Habari

Africa major dump of fake medicine

Interpol President Jackie Selebi has said people driven by profit making have turned Africa into a potential market for their fake pharmaceutical products.

By Adam Ihucha, Arusha



Interpol President Jackie Selebi has said people driven by profit making have turned Africa into a potential market for their fake pharmaceutical products.


Speaking here over the weekend, the Interpol chief said that the threat of a thriving multimillion-dollar illegal trade in counterfeit drugs, vaccines and other medical products in the African continent was more real now than ever.


Selebi said: “Counterfeiting is a worldwide problem. No continent is immune from the threat of imitation drugs.


But Africa is getting the lion`s share.“
He added: “We must fight against the deadly trade in fake drugs, which kill thousands of people in our continent every year.“


Selebi, who was speaking during the Interpol African Regional Conference, said law enforcers must forge international cooperation if they are to win the war against transnational drug counterfeit crime.


He said Africans should be more aware of the growing market in counterfeit medicines and the public health risks associated with the illegal practice.


Available literature indicates that WHO has been fighting drug counterfeiting for 20 years ever since it became a major threat in 1980.
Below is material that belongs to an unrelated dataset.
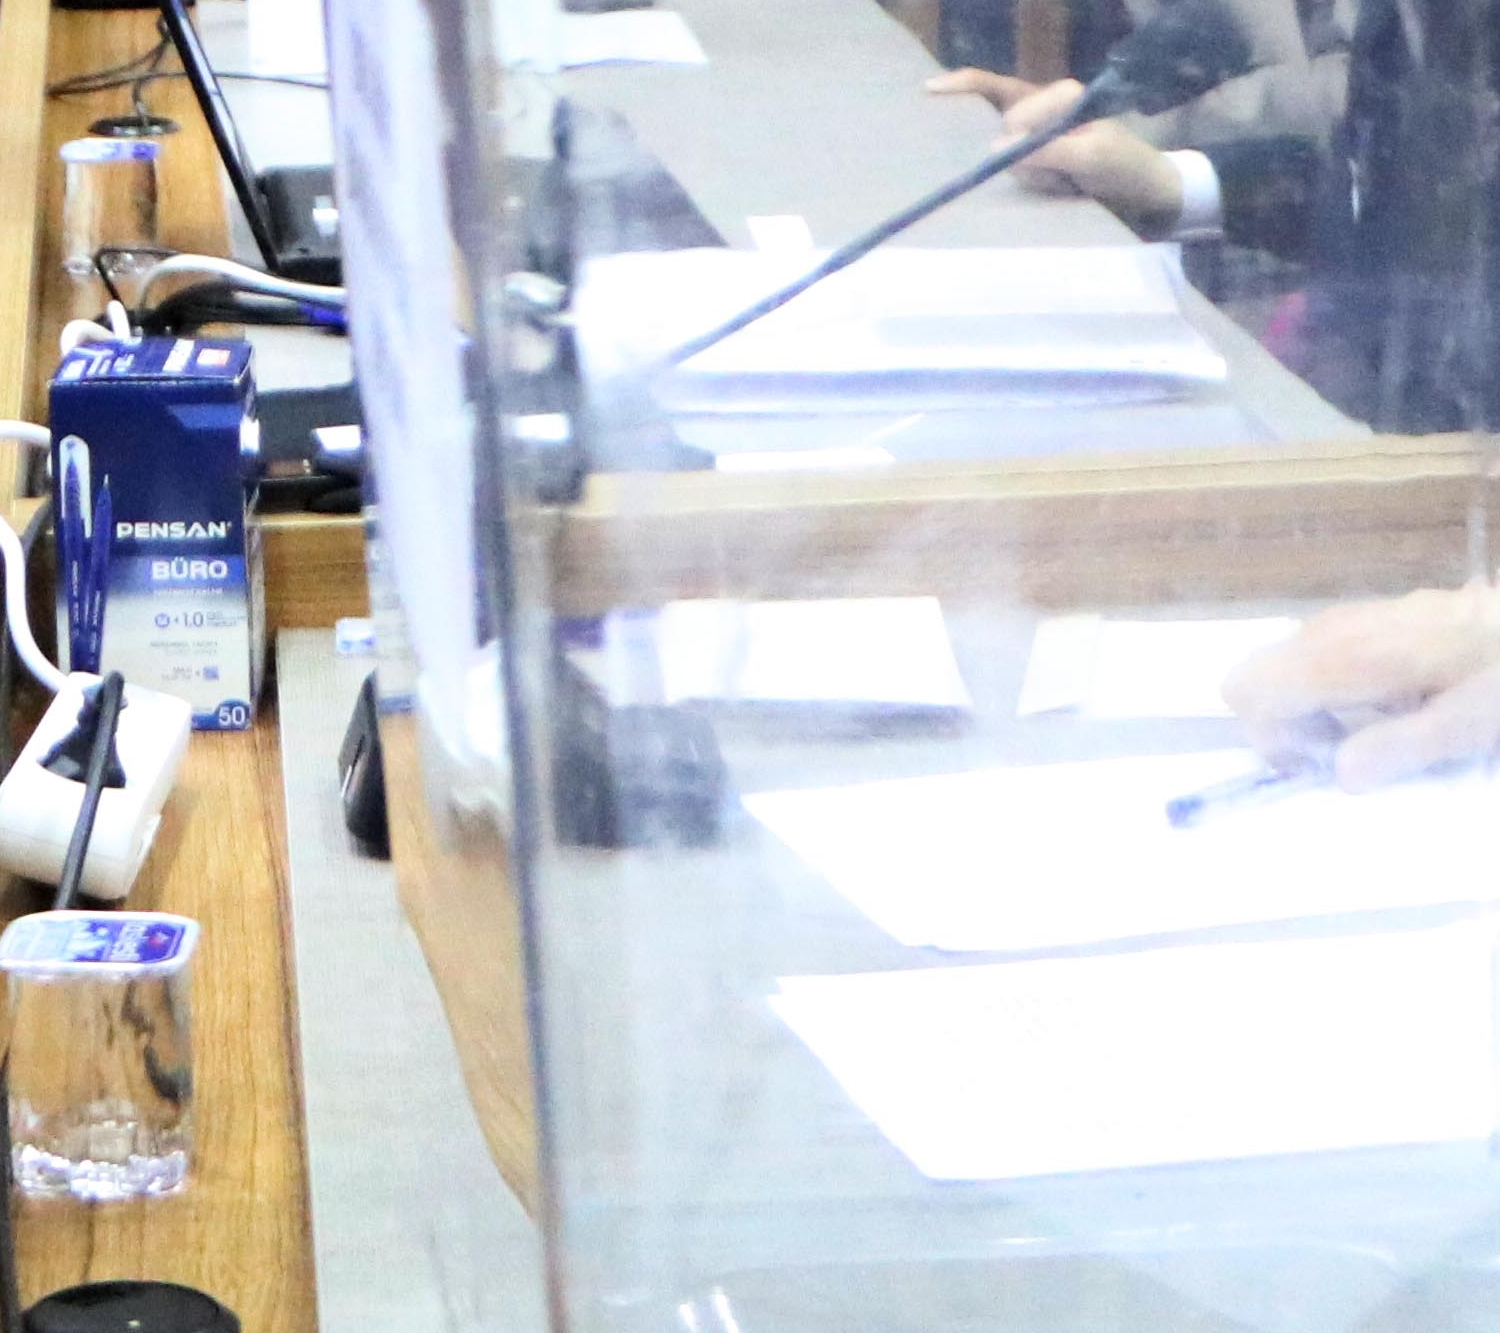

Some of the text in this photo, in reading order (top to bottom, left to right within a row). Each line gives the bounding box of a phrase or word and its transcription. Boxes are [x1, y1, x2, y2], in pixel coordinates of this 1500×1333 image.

[116, 521, 227, 539] PENSAN
[151, 556, 228, 580] BÜRO
[218, 706, 246, 726] 50
Dr. Valerio Reggi from WHO`s Health Technology and Pharmaceuticals cluster of departments was last year quoted as saying that the problem was first noticed by the pharmaceutical industry.
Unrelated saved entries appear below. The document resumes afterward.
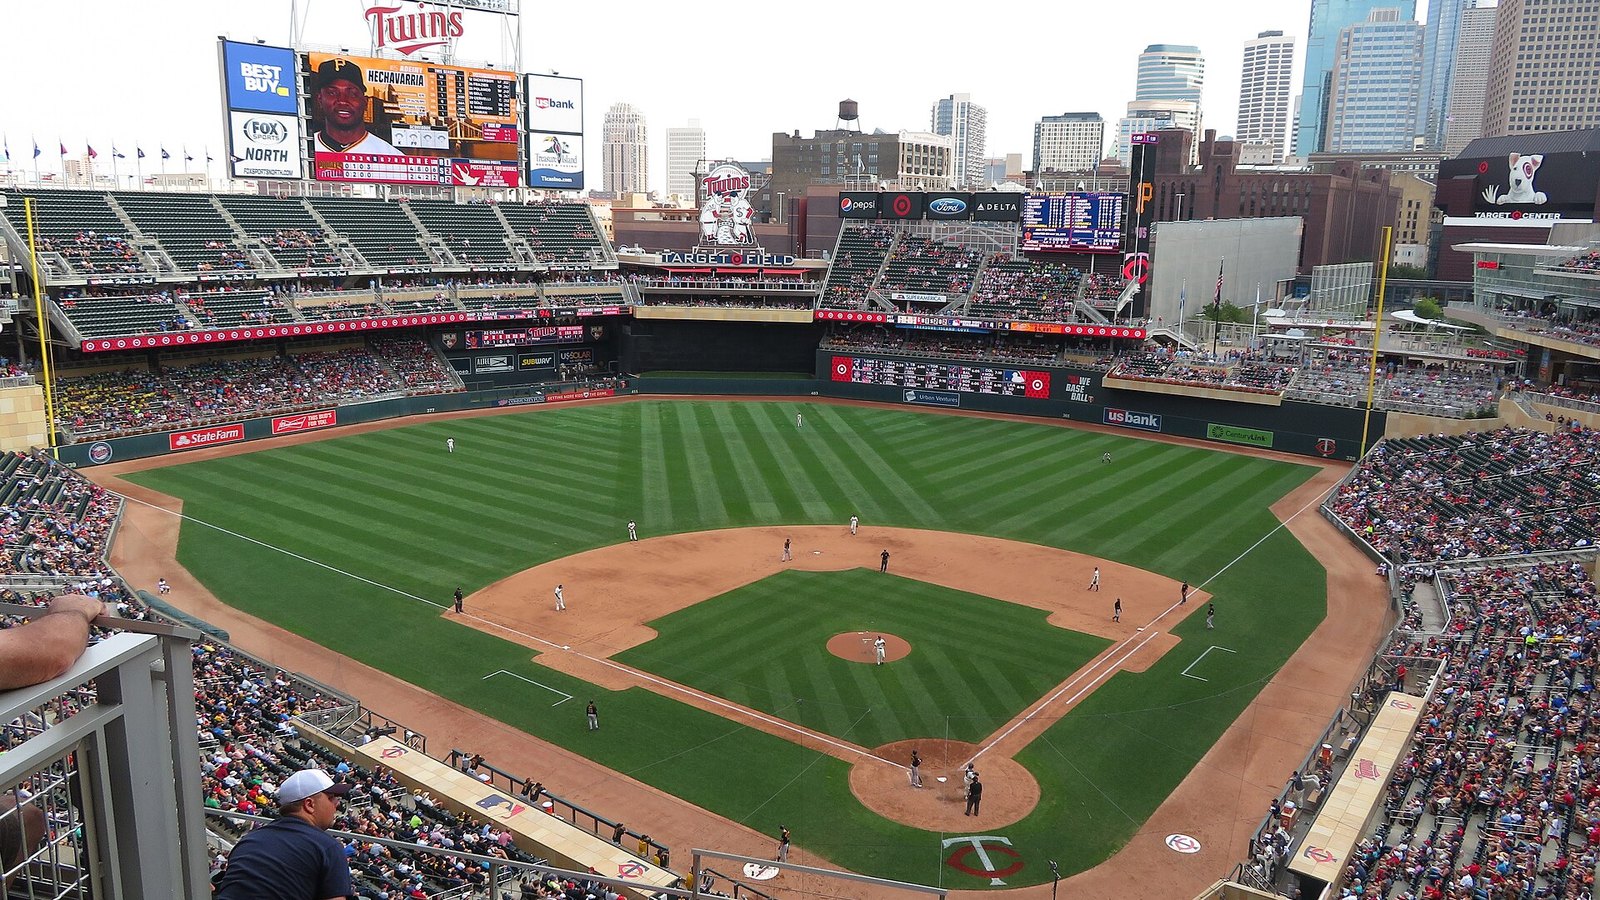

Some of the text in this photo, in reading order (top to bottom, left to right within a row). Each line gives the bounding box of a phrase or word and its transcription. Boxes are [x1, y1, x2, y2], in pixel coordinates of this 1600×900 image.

[364, 3, 464, 48] Twins
[241, 62, 282, 80] BEST
[368, 70, 424, 86] HECHAVARRIA
[245, 77, 279, 94] BUY
[252, 122, 278, 135] FOX
[246, 147, 288, 162] NORTH
[536, 153, 577, 164] Treasure Island
[243, 168, 293, 176] FOXSPORTSNORTH.COM
[703, 174, 750, 195] Twins
[853, 200, 875, 210] pepsi
[937, 201, 959, 211] Ford
[664, 253, 795, 265] TARGET FIELD
[528, 327, 556, 337] Twins
[1079, 377, 1091, 385] WE
[1066, 384, 1085, 393] BASE
[1071, 392, 1088, 402] BALL
[1109, 411, 1157, 427] usbank
[1226, 431, 1266, 441] CenturyLink
“They noticed their own products being copied,“ said Dr. Reggi, who has been working on drug regulation at WHO since 1989.


It is estimated that one in four packets of medicine sold in street markets in developing countries could be fake.


Meanwhile, insufficient data currently exists on how often counterfeit drugs are sold on the African continent.


It is difficulty to establish the precise figures on the counterfeit trade globally.


However, a report published in the journal PLoS Medicine in April 2005 indicates that the Food and Drug Administration in the United States of America estimates that the worldwide sales of fake drugs exceed US$ 3.5 billion per year.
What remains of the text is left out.